### [TASK BRIEF]
Would you write out each line of the material below exactly, skipping every picture?

━━ SUPPLIED ENTRIES

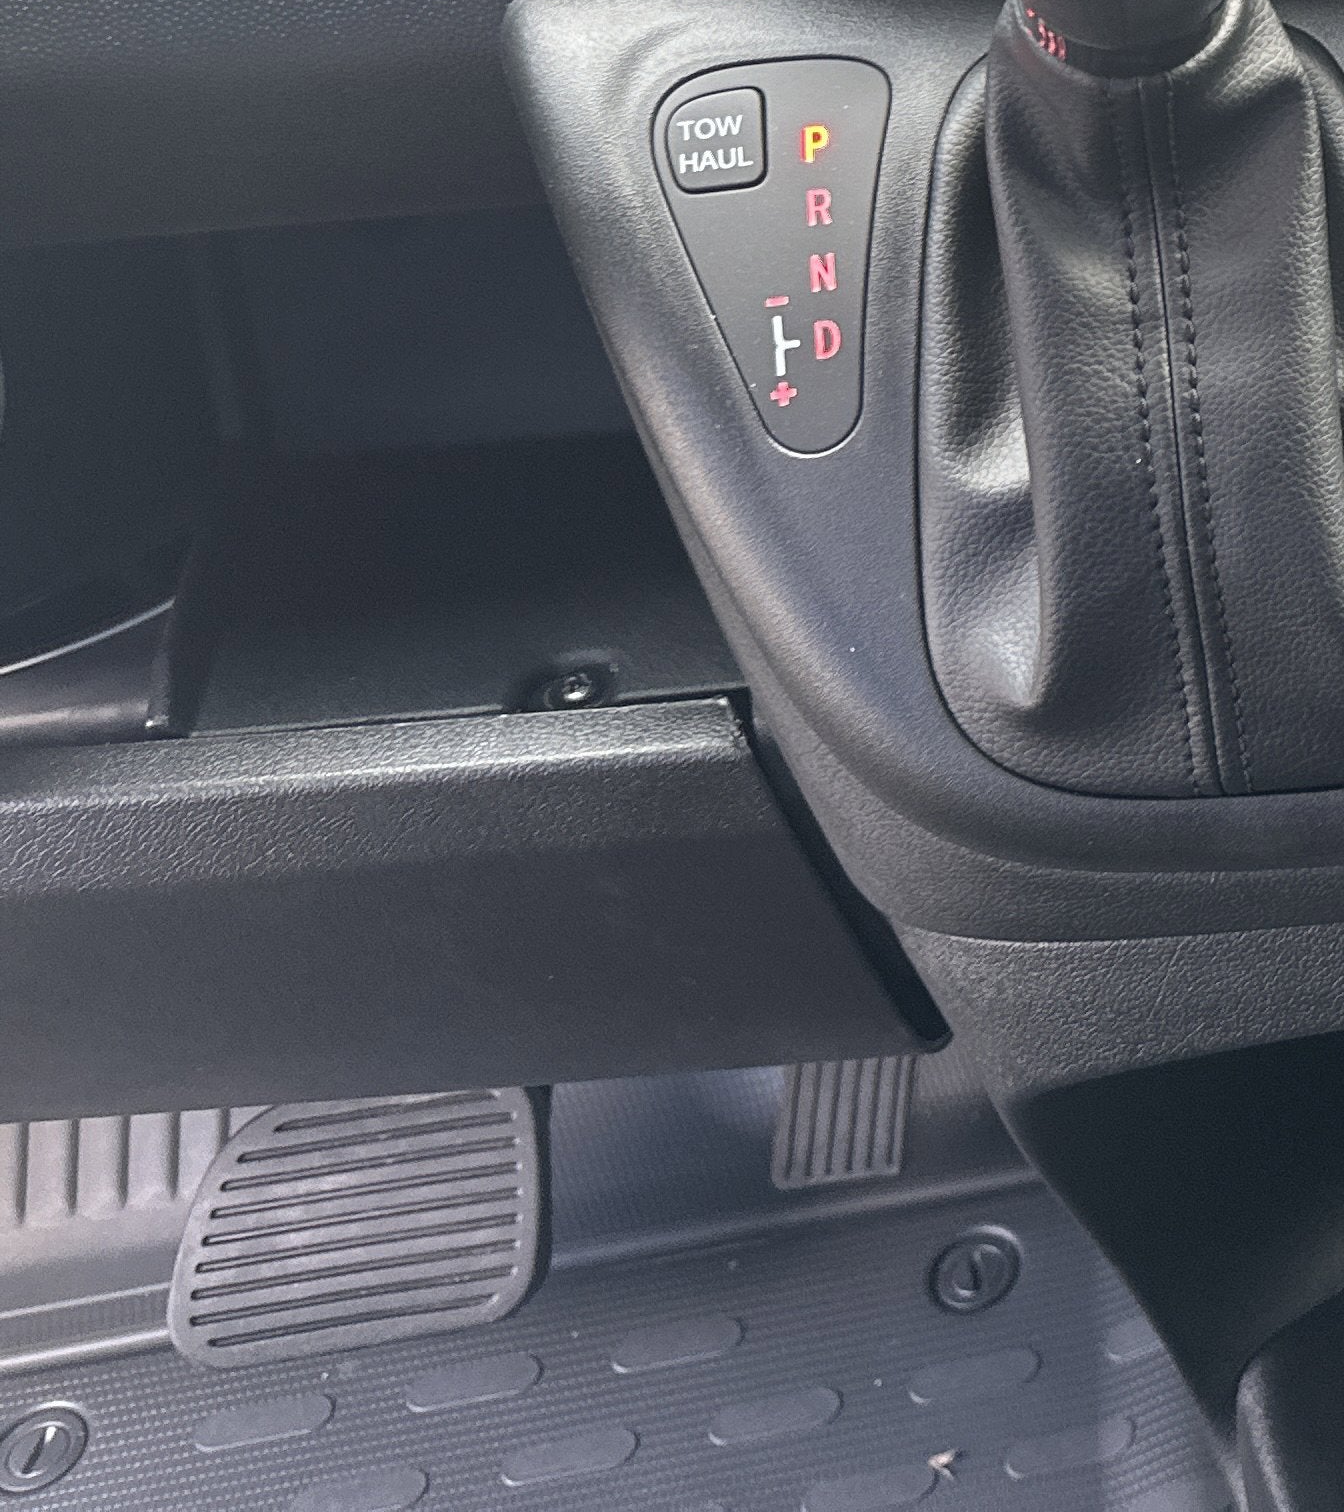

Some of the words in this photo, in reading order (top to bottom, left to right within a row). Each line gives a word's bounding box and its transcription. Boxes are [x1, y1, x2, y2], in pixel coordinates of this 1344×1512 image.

[677, 114, 744, 141] TOW
[799, 124, 830, 163] P
[679, 146, 754, 174] HAUL
[805, 188, 833, 227] R
[809, 252, 838, 293] N
[813, 319, 842, 360] D
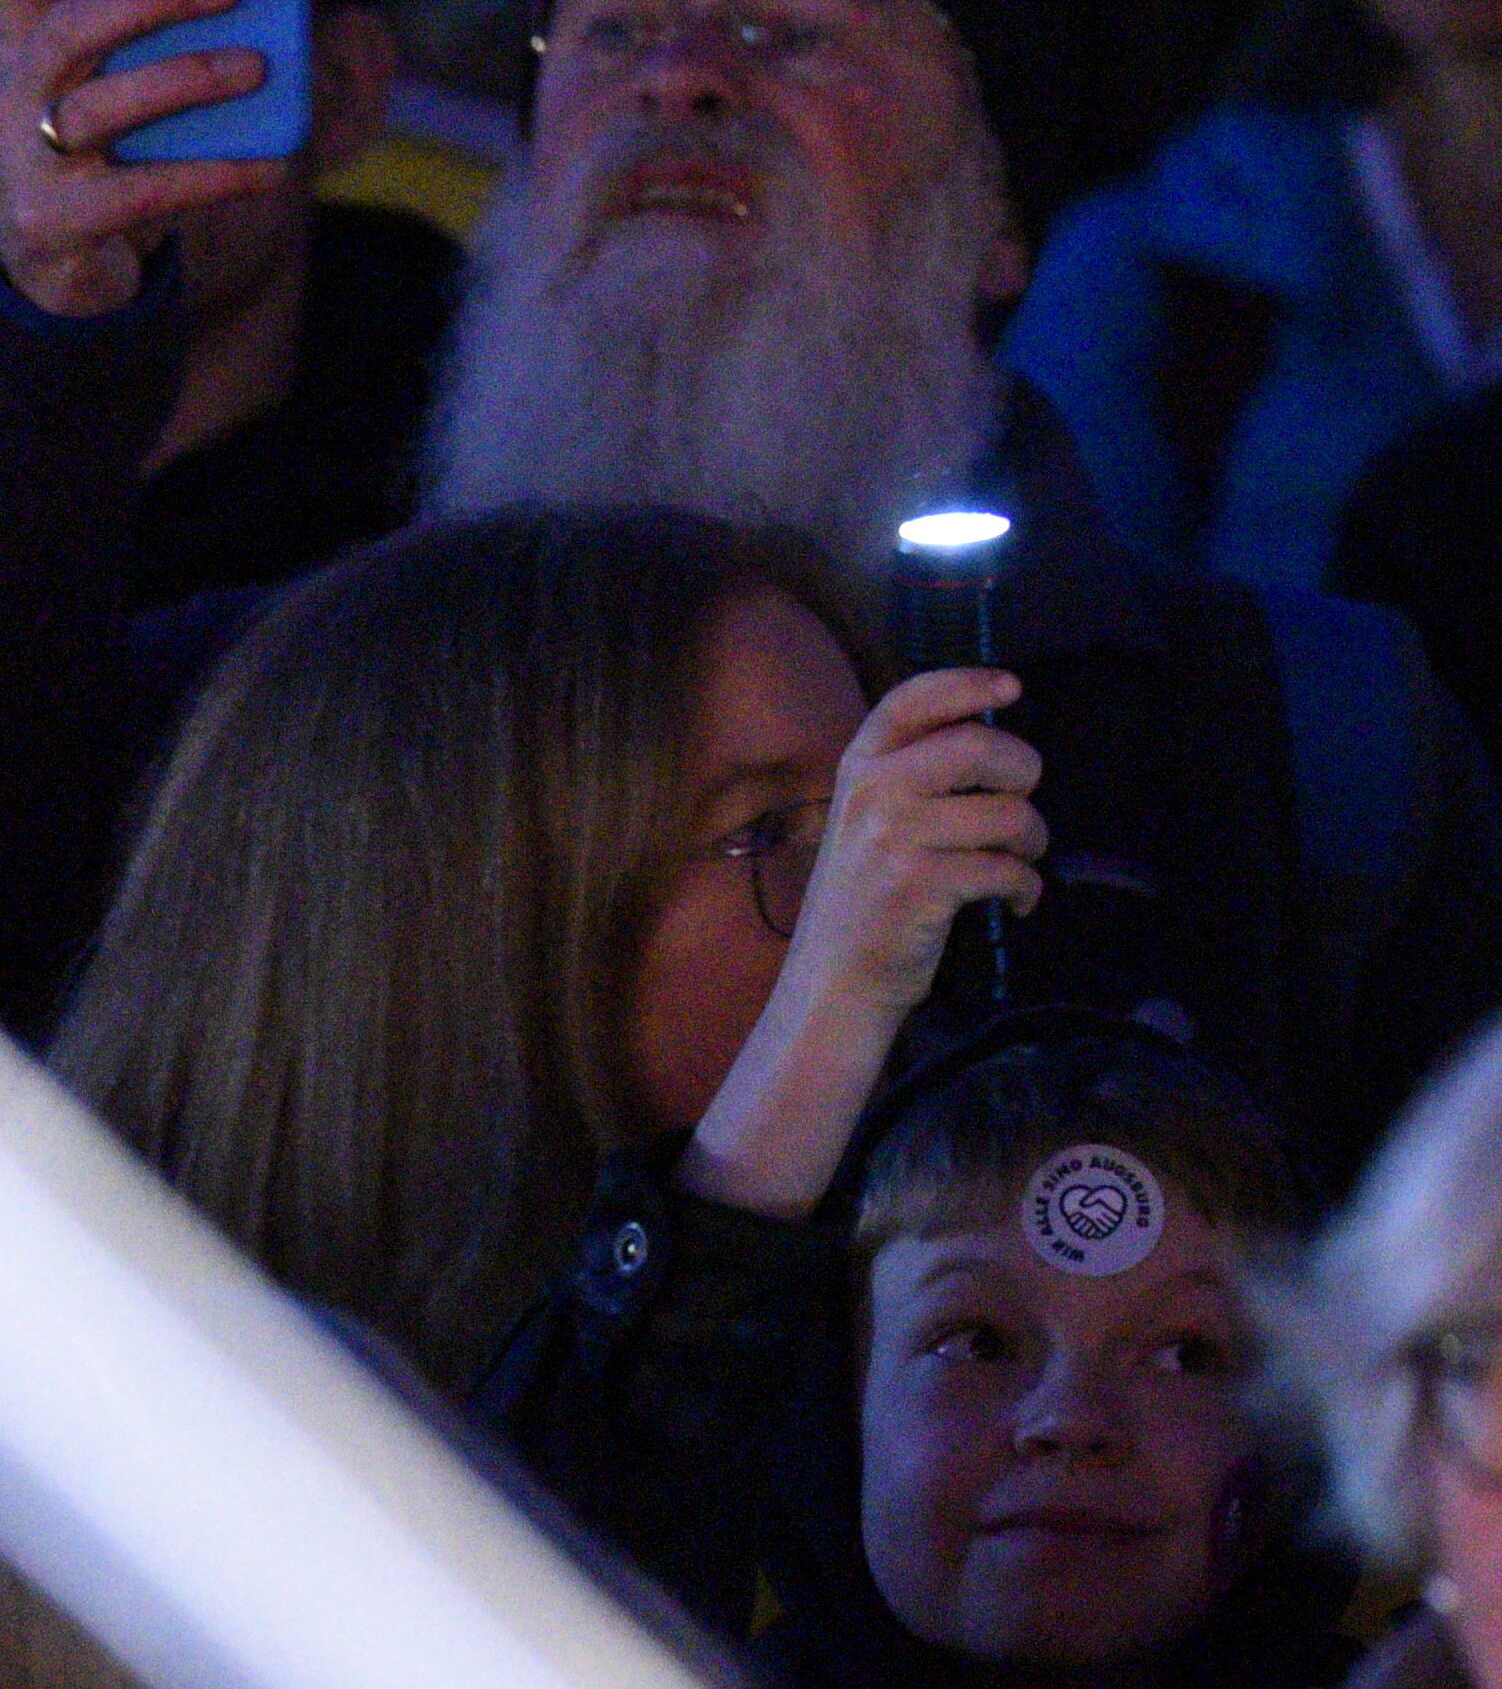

━━━━

### [TASK SOLUTION]
Some of the words in this photo, in reading order (top to bottom, left to right within a row). Each line gives a word's bounding box and its transcription. Boxes are [x1, y1, x2, y2], in pixel coordinates of this 1344×1512 image.

[677, 114, 744, 141] TOW
[799, 124, 830, 163] P
[679, 146, 754, 174] HAUL
[805, 188, 833, 227] R
[809, 252, 838, 293] N
[813, 319, 842, 360] D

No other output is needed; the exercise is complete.